# Short femur length in third trimester



## greatgazza (May 27, 2010)

Hi Emily

I'm not sure if this comes under your area or not but if it does would love some reassurance.

I am currently 31w 5 days and had my second growth scan today and the femur is measuring a bit short.  It was 57.0mm.  Other measurements seem ok HC 293.0 and AC 266.0mm.  The femur is growing as at 28w 5 it was 51.3mm.  My obs wants me back in two weeks to be scanned by a fetal medicine consultant to see how things are looking.  She tried to reassure me that risks of downs or dwarfism or genetic abnormalities were low (although it's a donor embryo so it's impossible to know anything about its genetic history) and said if she had been worried she would have been sending me to UCH in London but as i'm sure you know from all our posts on here it's impossible not to worry after being told these things....

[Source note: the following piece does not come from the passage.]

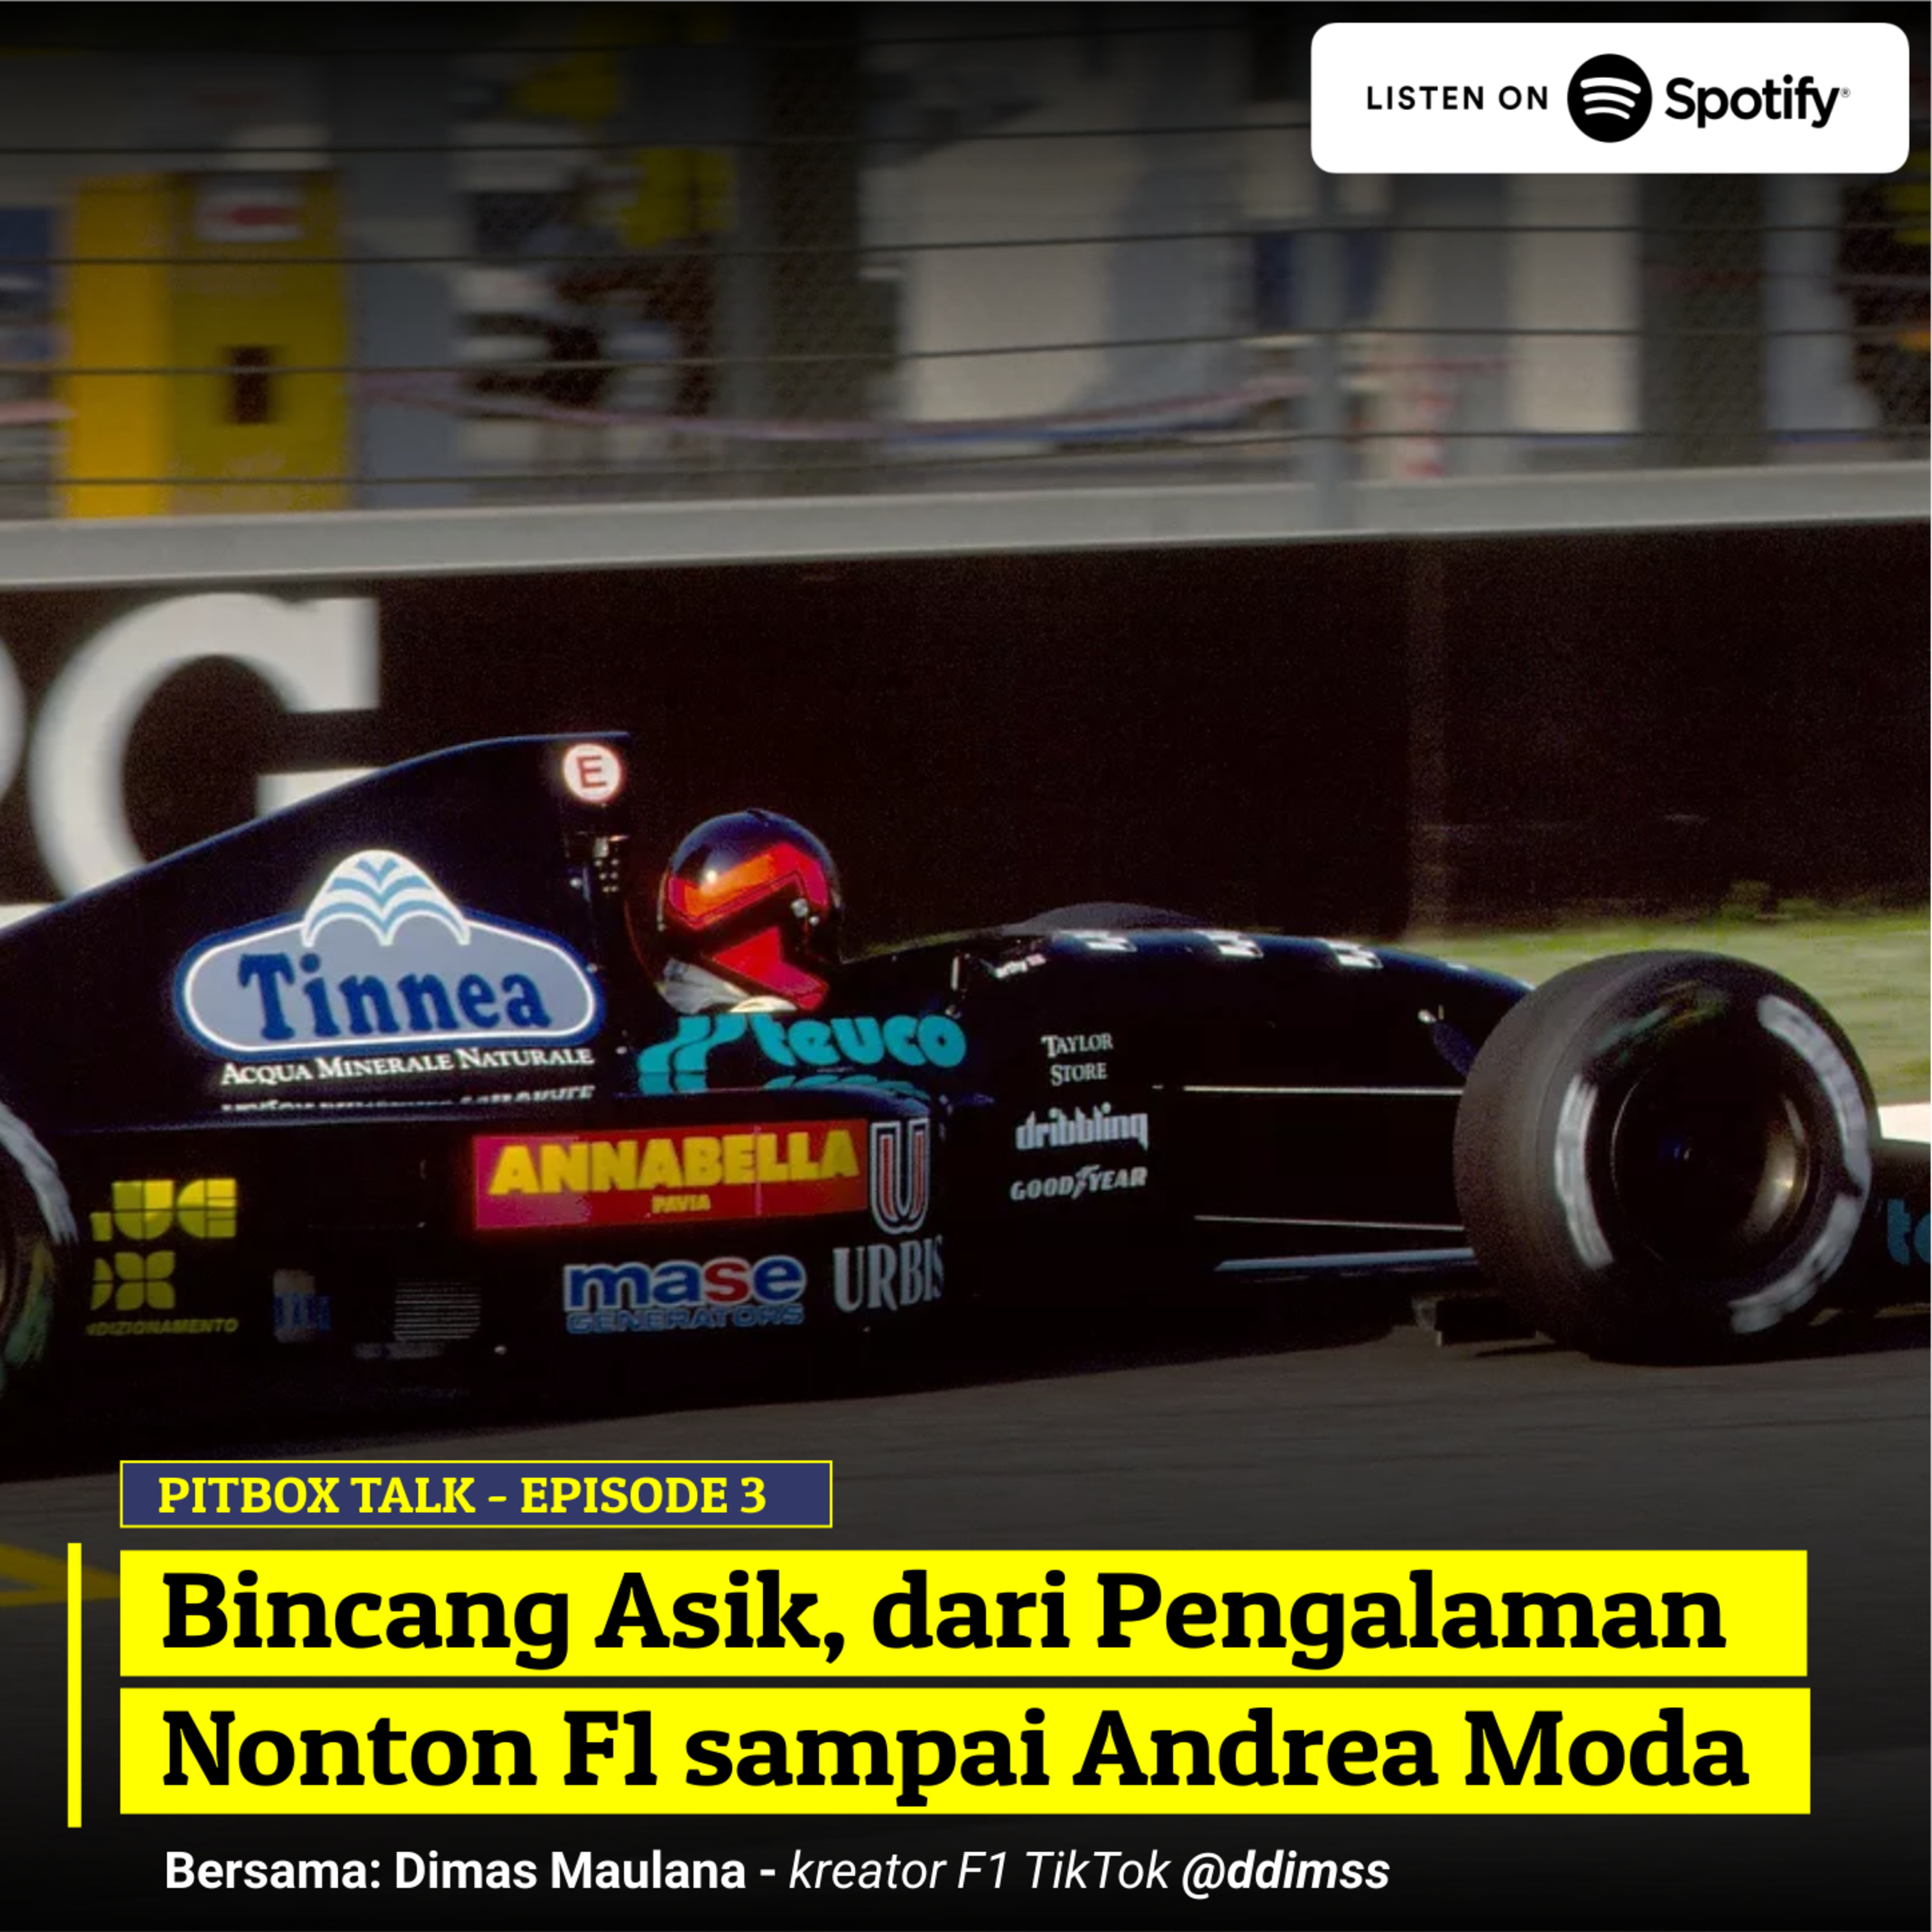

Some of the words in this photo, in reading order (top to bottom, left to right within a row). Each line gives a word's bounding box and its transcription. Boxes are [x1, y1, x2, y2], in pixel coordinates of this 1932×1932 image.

Would love to know your thoughts on what this could mean and the margins for different measurements.

Thank you. 

GGx


----------



## emilycaitlin (Mar 7, 2006)

Hi,

I don't really deal enough with scans to be able to advise you properly I'm afraid. However, I do know that scan measurements are not 100% accurate, as it does depend on the position of your baby. Any unit I've worked in, if there is any real concern about your baby, they don't hesitate to refer you to a detailed specialist unit for further investigation, so the fact they haven't is very reassuring,

All the best, sorry I can't help more,

Emilycaitlin xx


----------



## greatgazza (May 27, 2010)

No worries.  Thanks for that Emily

GGxx


----------